Byung-Chul Han (2015) se refere ao “empresário de si mesmo”, enquanto Bauman (2008) aborda a transformação dos sujeitos em mercadoria. Nesse cenário, em que marketing e finanças podem prevalecer, a ética da psicanálise corre o risco de naufragar. Vende-se um psicanalista ou vem de si um psicanalista? O desejo de ser psicanalista é sustentado pelo saber conquistado laboriosamente na abordagem do próprio sofrimento em análise, ou é moldado fora de um divã, em um plano de carreira sobretudo em busca de dinheiro ou fama?
E nós, psicanalistas?
Adotando uma postura moralista, poderíamos nos julgar imunes a esses riscos, considerando-os incidentes apenas em grupos menos bem formados ou em pessoas especialmente vaidosas, como se esquemática e simplificadamente pudéssemos discriminar o joio do trigo. Visto dessa maneira, a crítica deste trabalho teria seu valor reduzido.
Hoje, muitos de nós fazemos uso pessoal ou profissional das redes sociais. Ao observar a dinâmica de funcionamento dessas mídias, não é difícil perceber que os conteúdos são compartilhados, em grande medida, em busca da validação.

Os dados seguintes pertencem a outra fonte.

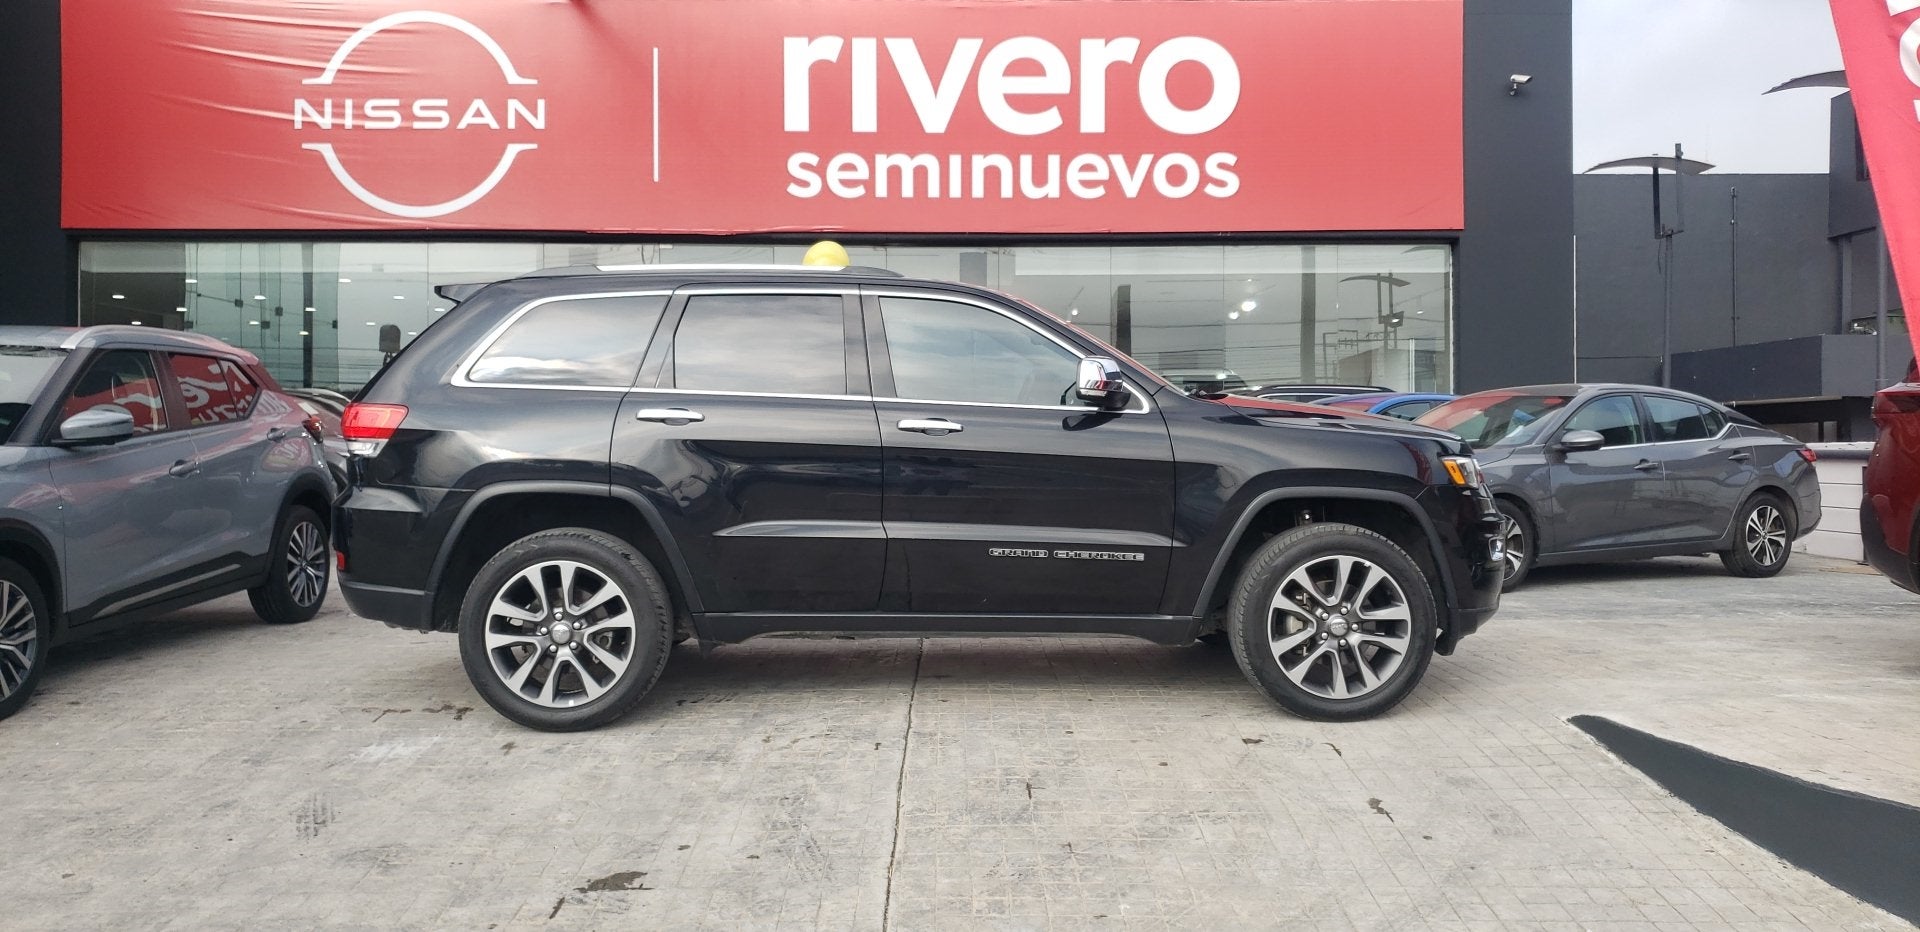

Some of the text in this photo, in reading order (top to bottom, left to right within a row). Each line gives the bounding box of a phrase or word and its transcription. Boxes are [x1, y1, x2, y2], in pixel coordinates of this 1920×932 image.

[783, 35, 1241, 136] rivero
[293, 98, 546, 130] NISSAN
[786, 152, 1241, 199] seminuevos
[989, 548, 1145, 562] GRAND CHEROKEE
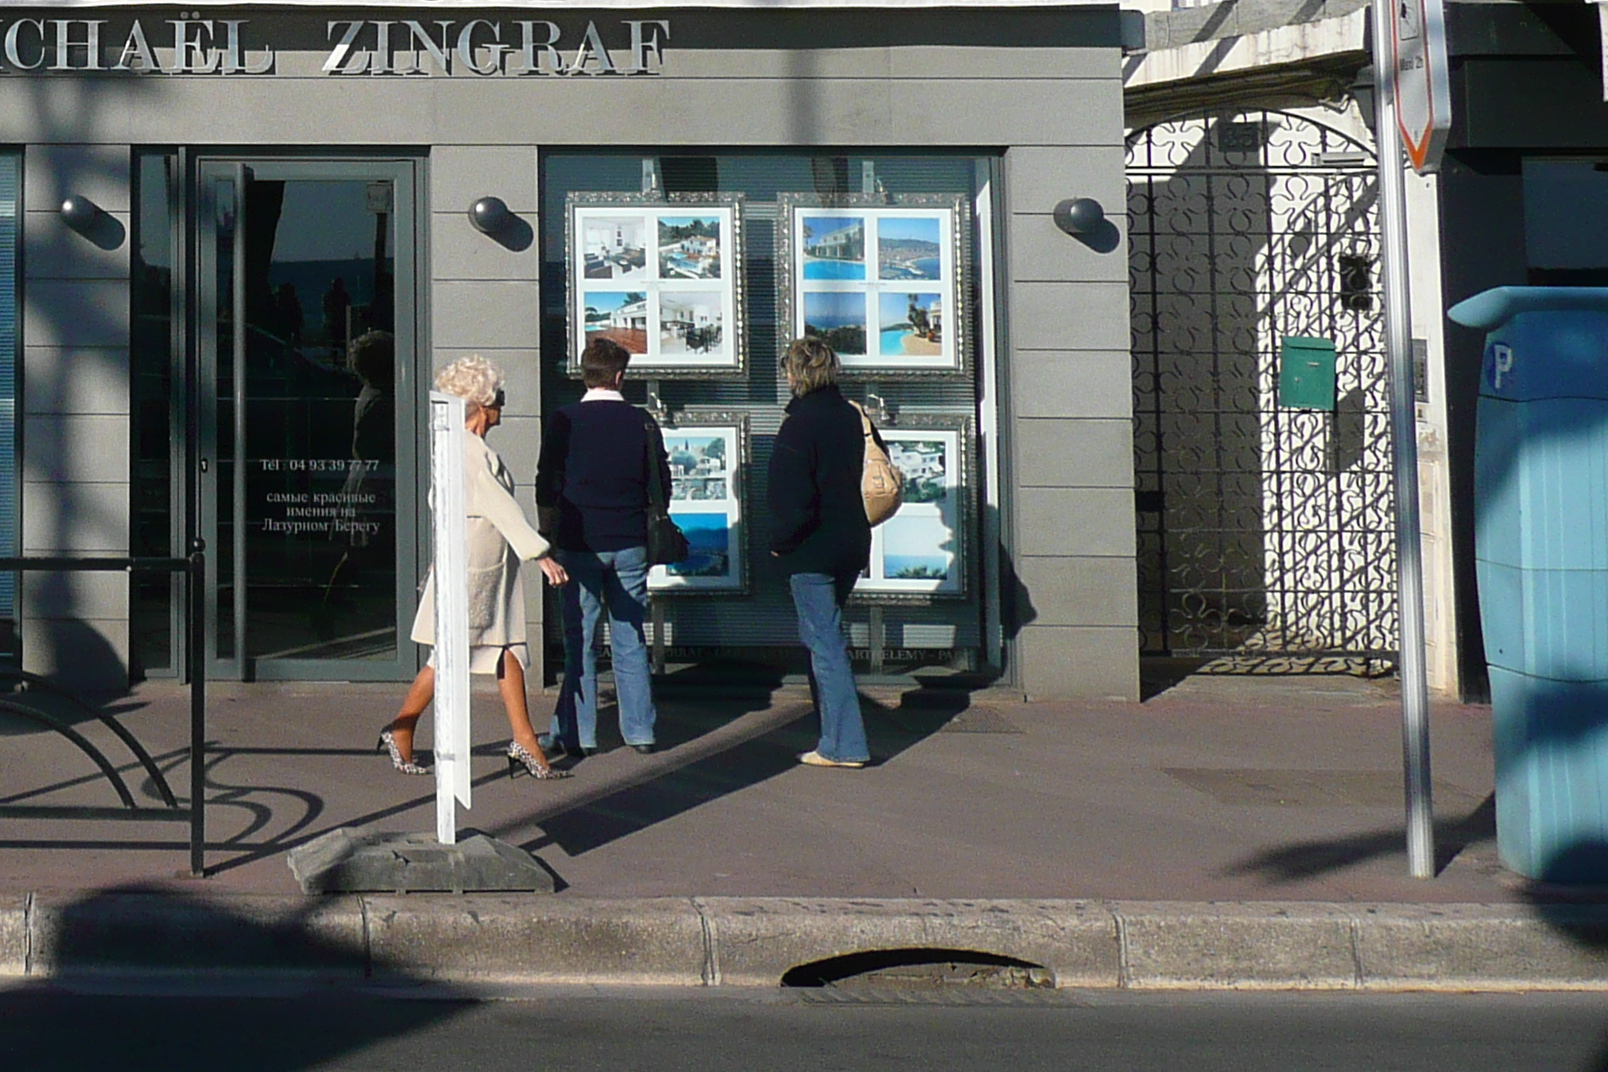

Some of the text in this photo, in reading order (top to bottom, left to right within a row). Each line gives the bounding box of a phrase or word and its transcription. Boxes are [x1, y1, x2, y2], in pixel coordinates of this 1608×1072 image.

[320, 19, 671, 77] ZINGRAF
[1493, 343, 1513, 388] P
[259, 458, 280, 471] Tél
[289, 459, 306, 471] 04
[309, 459, 326, 471] 93
[328, 459, 345, 471] 39
[348, 459, 363, 471] 77
[364, 459, 380, 471] 77
[266, 492, 377, 506] самые красивые
[286, 507, 357, 518] имения на
[262, 518, 381, 536] Лазурном Берегу
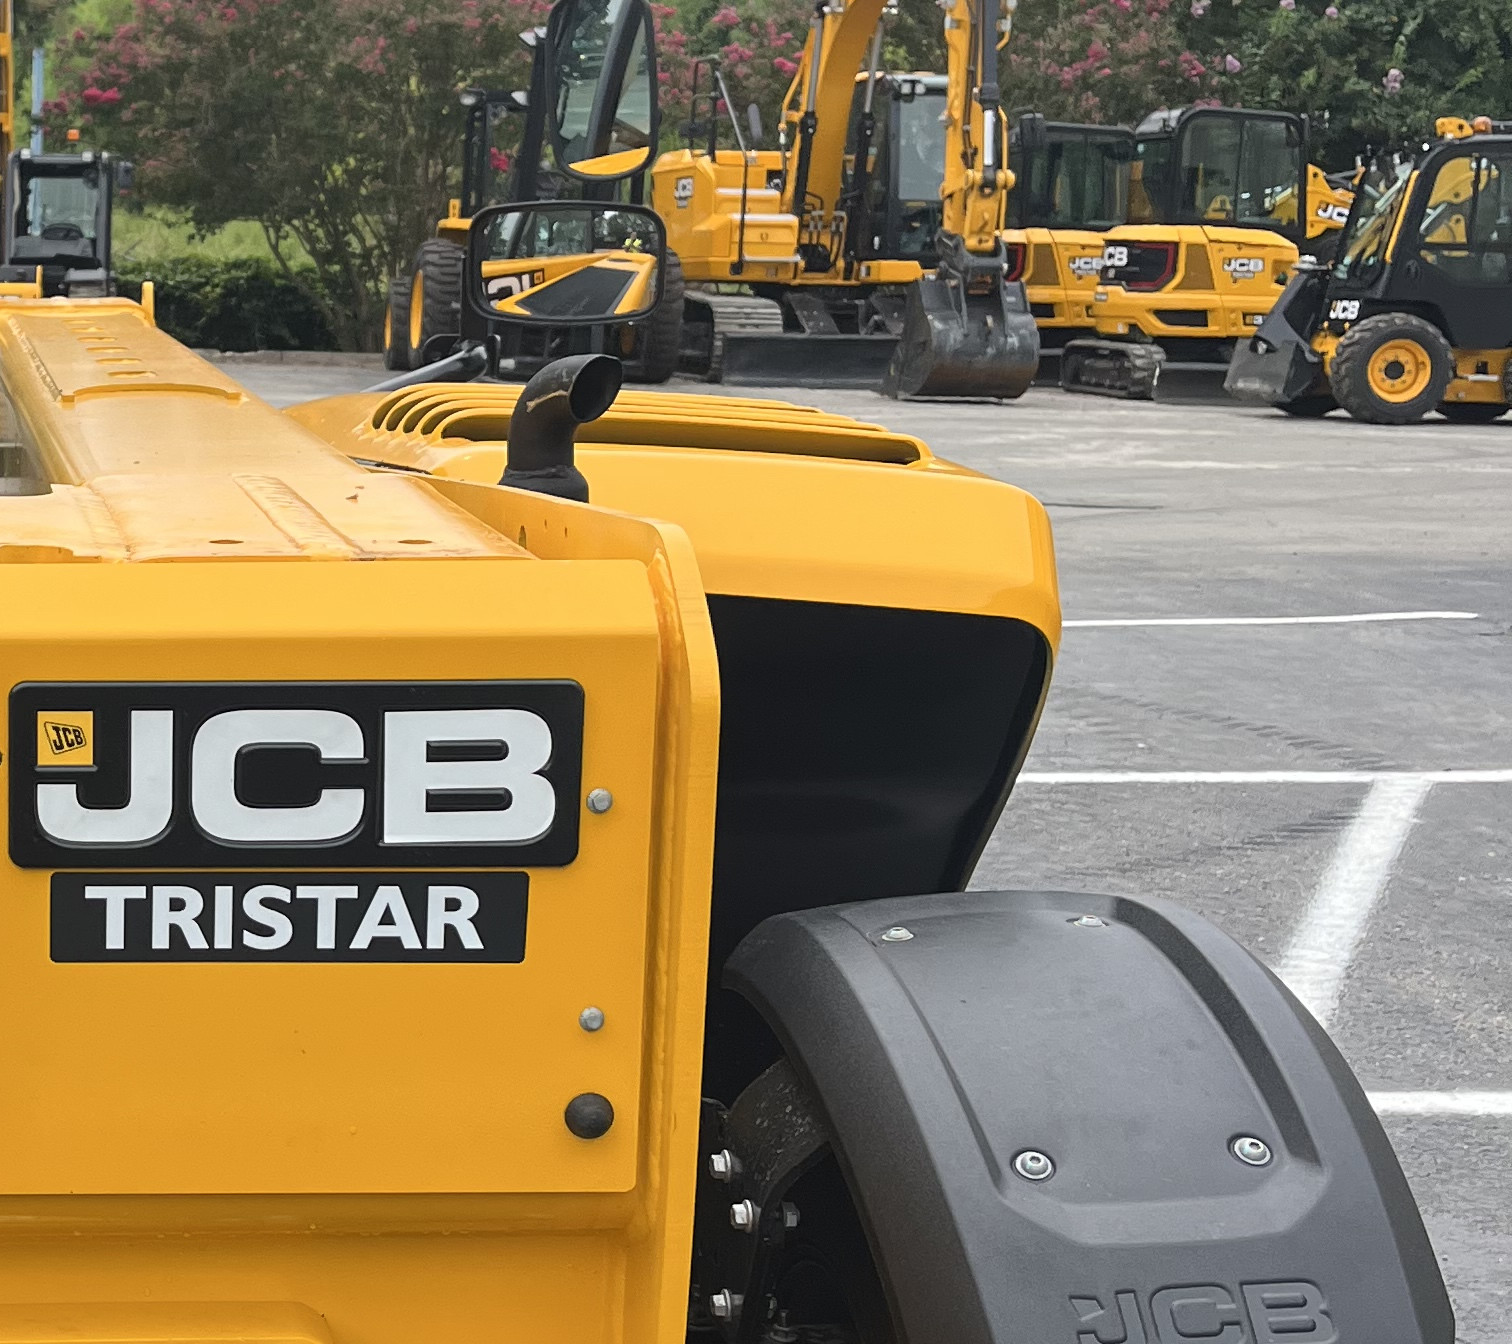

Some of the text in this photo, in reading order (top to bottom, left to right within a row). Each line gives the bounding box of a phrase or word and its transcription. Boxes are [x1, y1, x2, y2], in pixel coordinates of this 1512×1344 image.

[1317, 203, 1349, 224] JC
[1104, 246, 1128, 266] CB
[51, 726, 84, 750] JCB
[37, 709, 557, 844] JCB
[85, 885, 484, 950] TRISTAR
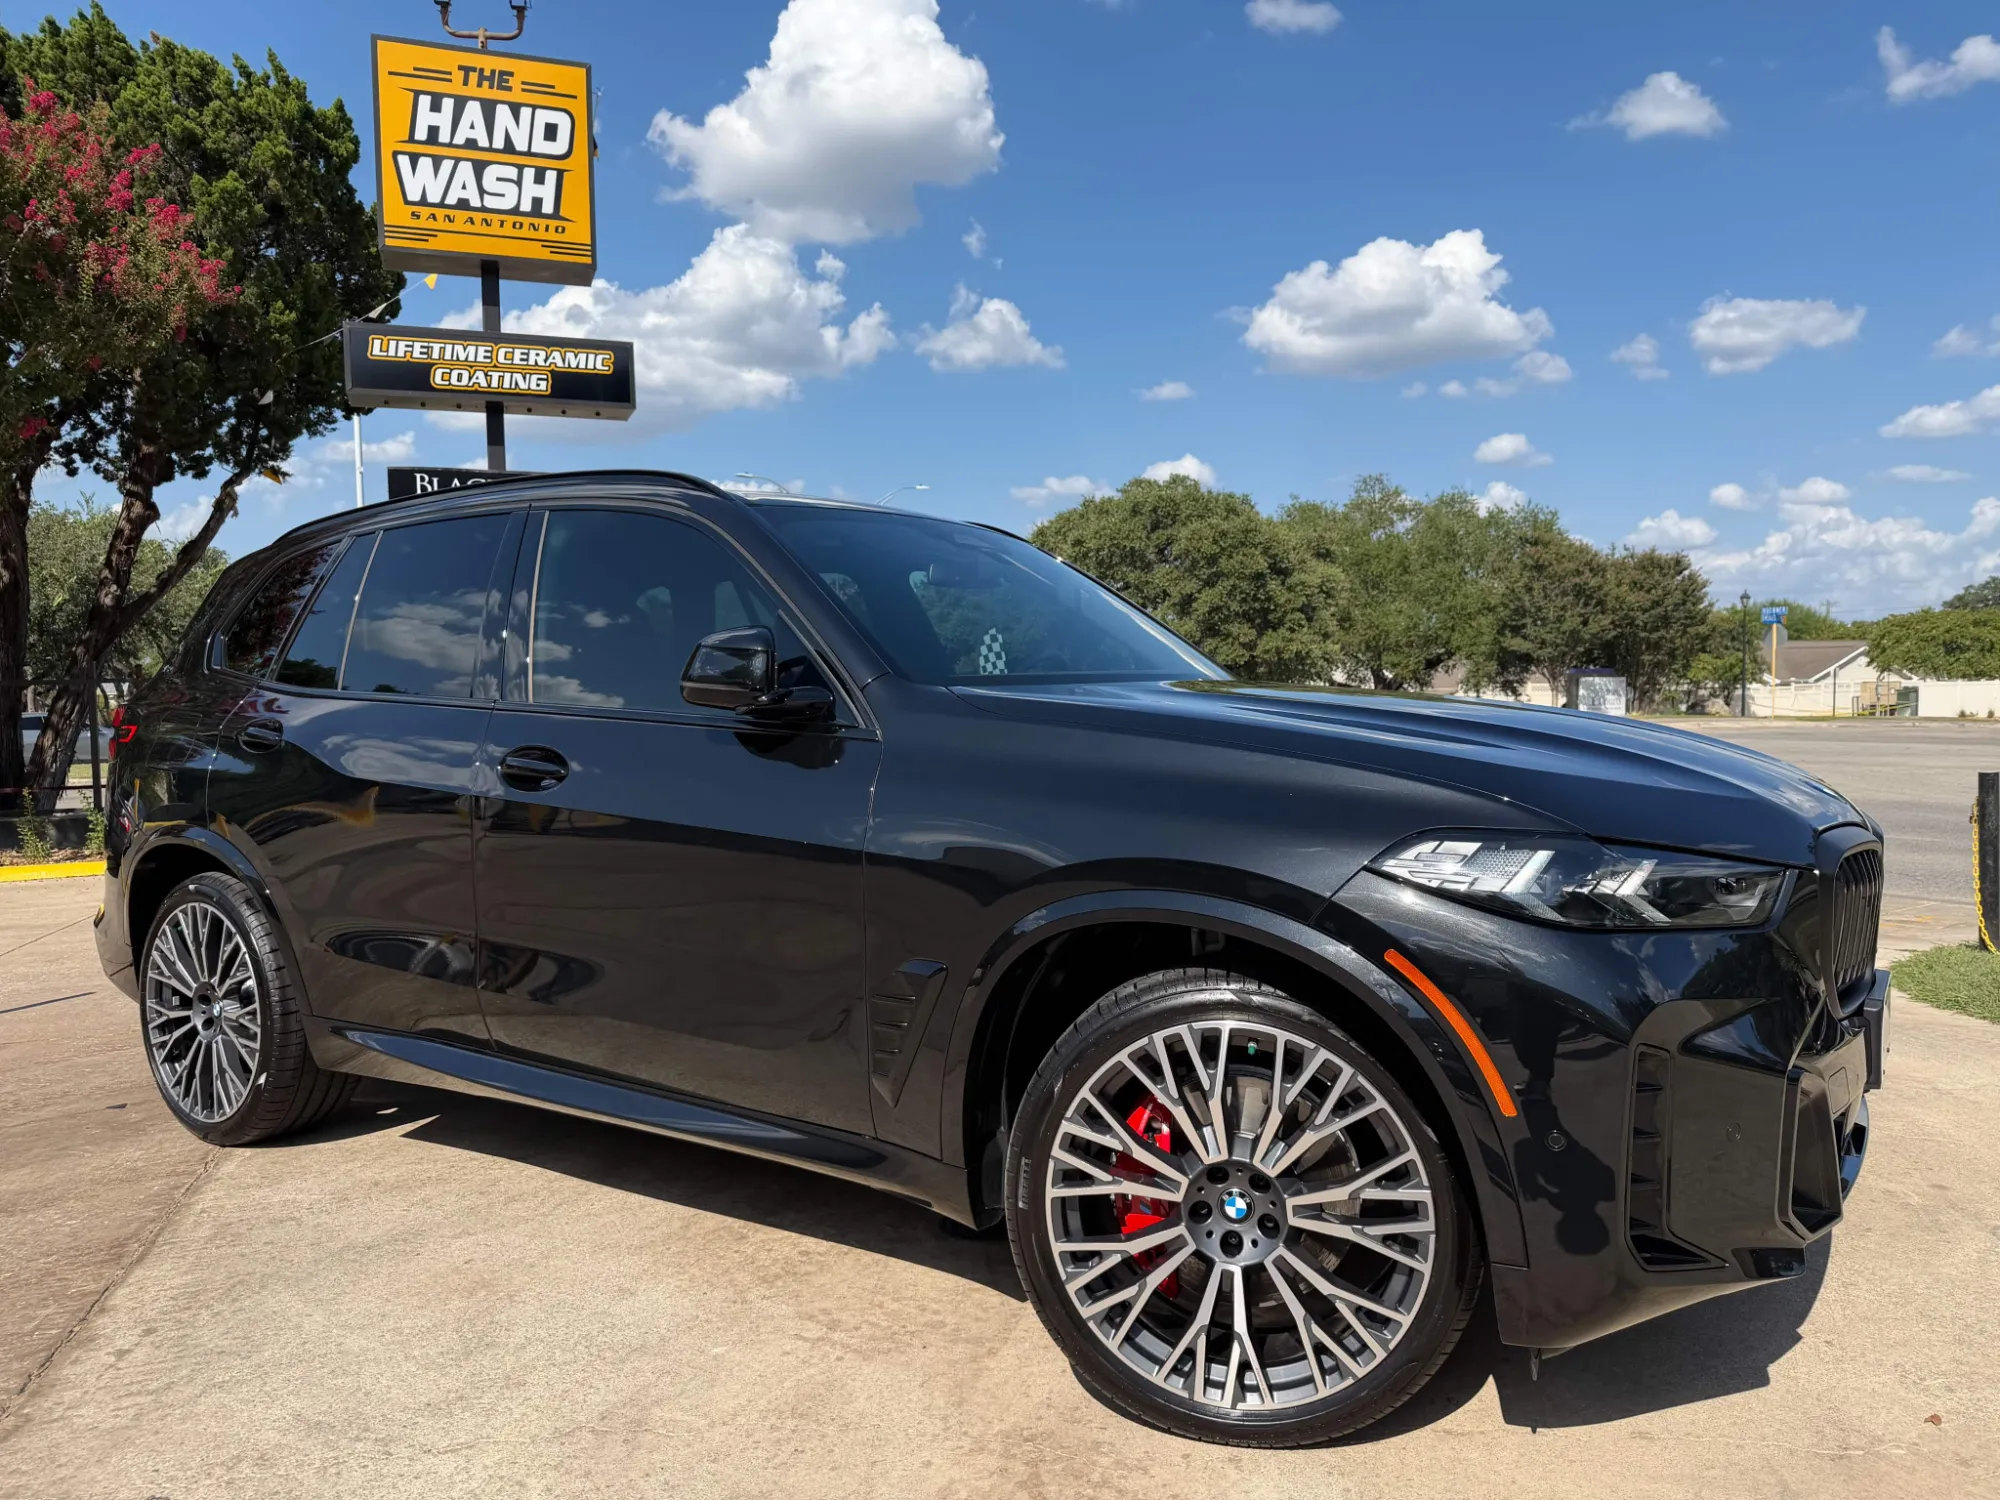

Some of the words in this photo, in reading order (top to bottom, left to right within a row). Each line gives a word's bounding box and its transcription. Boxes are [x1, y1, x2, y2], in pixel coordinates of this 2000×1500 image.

A rede social não apenas informa, faz também as vezes de uma plateia que vê, contempla, celebra um fragmento do tempo recortado e editado. Como uma mãe que aplaude o filho em seus passos, os seguidores reafirmam nosso narcisismo. O espelho virtual promete, assim, algo muito valioso, a miragem daquele primeiro olhar que delineia nossa existência e valor: reflexo que nos traz sensações buscadas a vida inteira.
Nós, psicanalistas, como todo sujeito, partilhamos dessa necessidade de espelhamento. Portanto, não estamos imunes a nos tornar presas dessa voracidade narcísica e nos afogar no reflexo luminoso das águas do fanatismo do Eu.
Quando é possível reconhecer aspectos do fanatismo em nós, podemos vislumbrar alguma saída. Aprendemos com Amós Oz (2016), que foi capaz de reconhecer em si um fanático, que “o fanatismo está em quase toda parte, e suas formas mais tranquilas, mais civilizadas estão presentes ao nosso redor e dentro de nós mesmos”.